In all of my years of observing behaviour and coming up with my own thoughts, I've learned that I don't have to listen to or care what everyone else thinks and I can come up with my own personal standards and morals. If I think sex and virginity is a big deal and something very special, I will choose to think that. Likewise, if I think sex is just a fun activity that you can share with anyone you want, I will also think that. 

It's all about how we all feel individually, not collectively.


----------



## little toaster (Jul 5, 2012)

I also don't get why people make such a contest out of what a guy has done with a girl or what a girl has done with a guy. They think it measures how much of a "winner" you are.


----------



## ourwater (Jun 2, 2012)

little toaster said:


> They think it measures how much of a "winner" you are.


I was congratulated. I didn't want to tell them I was forced.


----------



## AussiePea (Mar 27, 2007)

From my experience, it seems to be until you reach about 24, then people grow up. Then again it might just be my demographic.


----------



## youngloc (Dec 23, 2009)

I can't explain, but when I lost mine I thought the whole quest for it was rather pointless. Usually when you do something you really wanted you should be happy, I just didn't care


----------



## little toaster (Jul 5, 2012)

AussiePea said:


> From my experience, it seems to be until you reach about 24, then people grow up. Then again it might just be my demographic.


Even at 23-24, some girls are still making a big deal out of it. Maybe I just need to stay away from ******s.


----------



## ourwater (Jun 2, 2012)

little toaster said:


> Even at 23-24, the girls are still making a big deal out of it. Maybe I just need to stay away from ******s.

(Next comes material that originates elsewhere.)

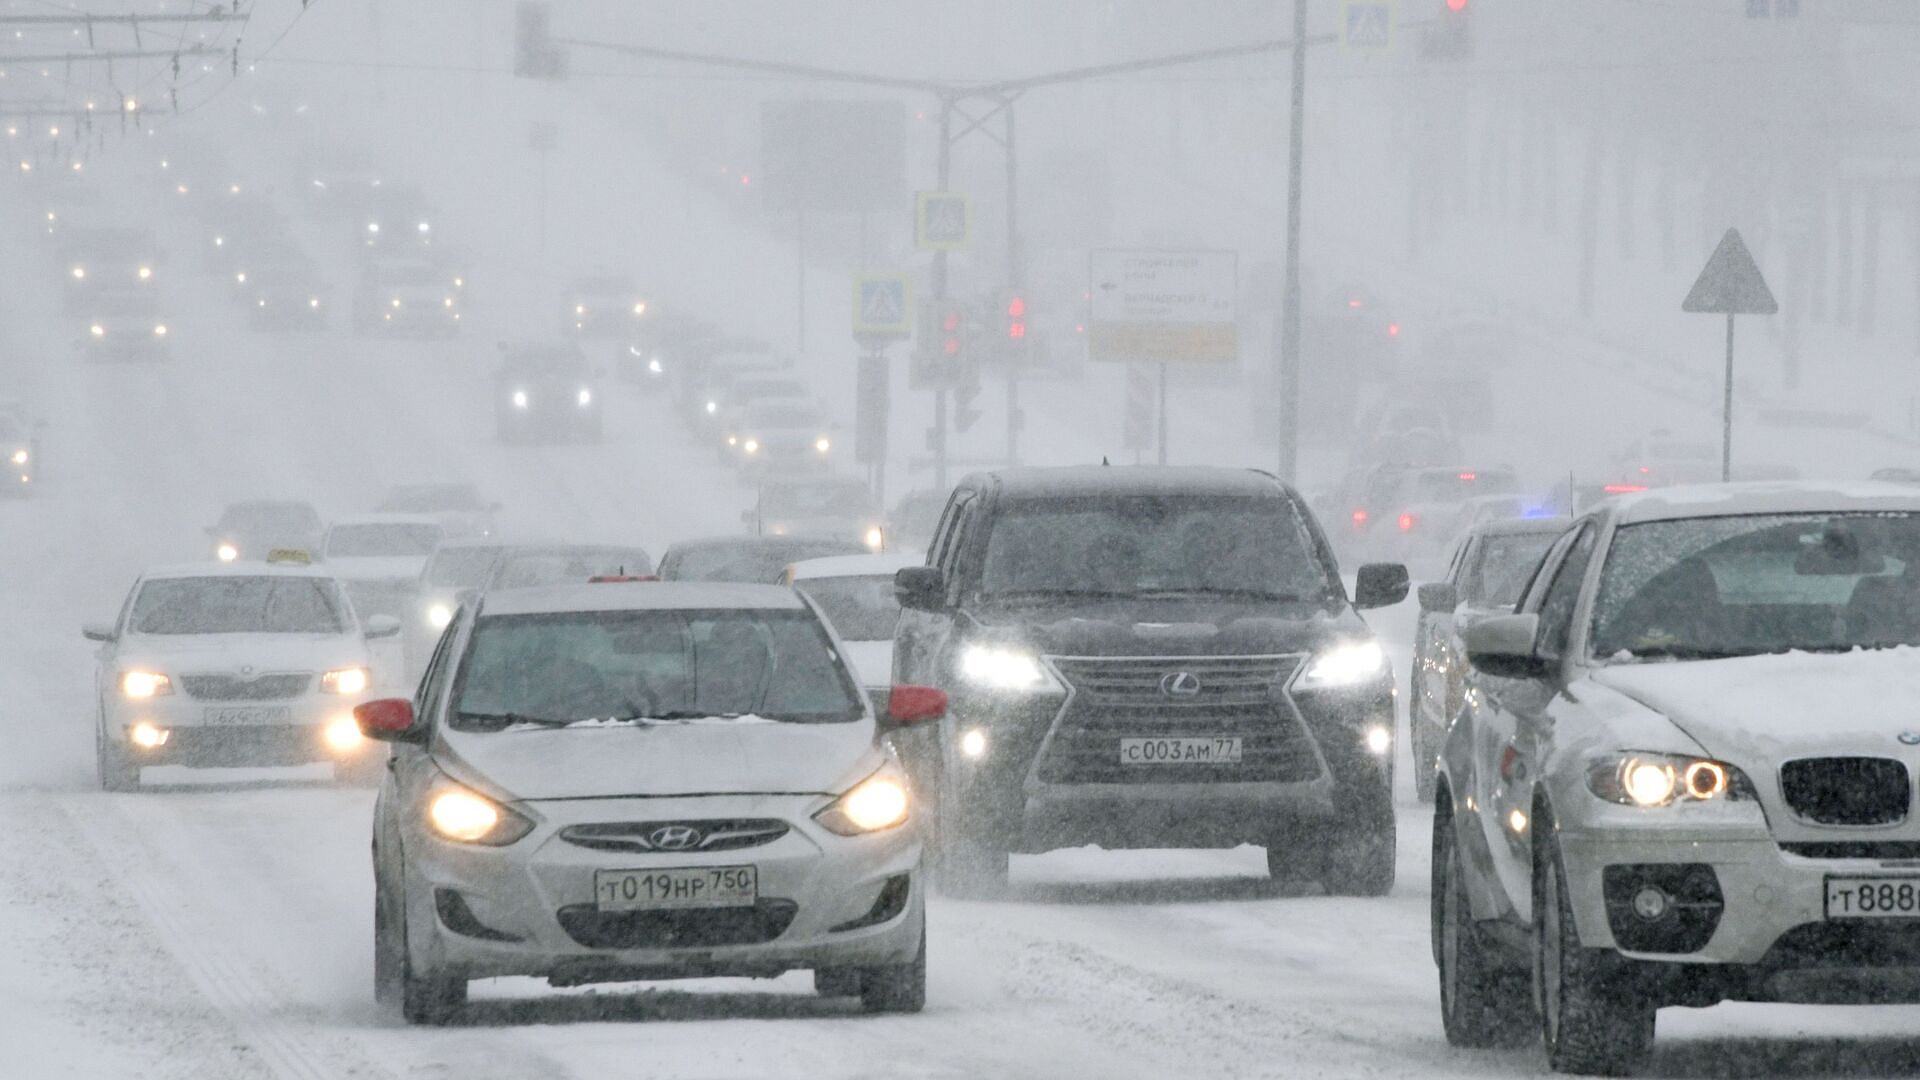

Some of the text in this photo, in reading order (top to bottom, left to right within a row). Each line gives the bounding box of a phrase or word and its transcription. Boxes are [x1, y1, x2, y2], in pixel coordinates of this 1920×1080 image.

[1128, 739, 1234, 760] С003АМ 77
[606, 869, 750, 901] Т019НР 750
[1838, 883, 1920, 912] Т888

Well, my parents had me when they were 30, so..


----------



## ShadyGFX (Jul 18, 2012)

Because sex one of the basic experiences humans should have. If I die a virgin, I'm gonna be super pissed off.


----------



## Insider (Sep 17, 2012)

Because it's natural. If someone my age still hasn't done something as natural as having sex, then they're not normal.


----------



## little toaster (Jul 5, 2012)

Insider said:


> Because it's natural. If someone my age still hasn't done something as natural as having sex, then they're not normal.


So what if they did and had a child while they were going through a busy schedule in college?


----------



## little toaster (Jul 5, 2012)

Mimic said:


> Luckily we have have contraception.


I forgot to add,

What if someone around 21 didn't have sex because they didn't have contraception and weren't ready to raise a child?


----------



## srschirm (Jun 25, 2006)

Sex is most definitely not overrated, especially when you love your partner.


----------



## ourwater (Jun 2, 2012)

little toaster said:


> So what if they did and had a child while they were going through a busy schedule in college?

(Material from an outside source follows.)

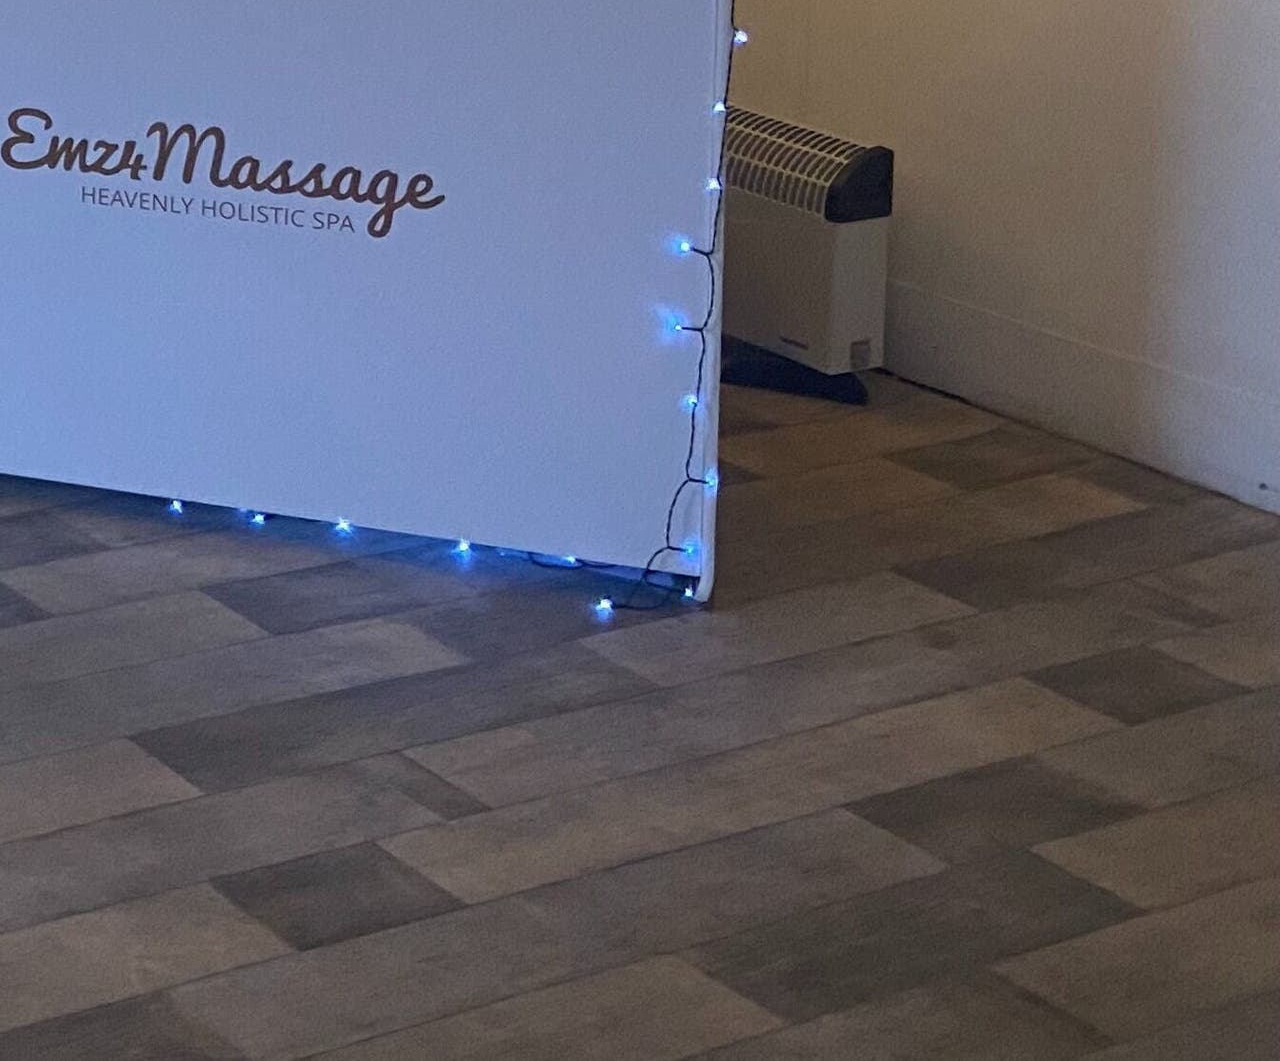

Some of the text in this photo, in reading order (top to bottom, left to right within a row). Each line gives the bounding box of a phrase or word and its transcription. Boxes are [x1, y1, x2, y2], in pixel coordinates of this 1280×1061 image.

[0, 106, 447, 239] Emz4Massage
[81, 185, 357, 233] HEAVENLY HOLISTIC SPA

My mother was still finishing her thesis when I was 5 months old.


----------



## little toaster (Jul 5, 2012)

Mimic said:


> Do you know how cheap condoms are?


You can't always remember to get one if you don't know what's gonna happen later that night.


----------



## NeuroMan (Sep 21, 2012)

I would have have trouble dating a virgin, just because I would want to make is so special because they would always remember it. And I have a fear of accidentally hurting girls (during sex, or just through clumsiness), so a virgin or girl that is petite is too stressful for me, personally. I was glad to have a girl slightly more experienced than me.


----------



## DeeperUnderstanding (May 19, 2007)

Because people are idiots.

I understand that it feels good. But so does listening to music, drinking coffee and getting a caffeine buzz, and reading and experiencing other worlds.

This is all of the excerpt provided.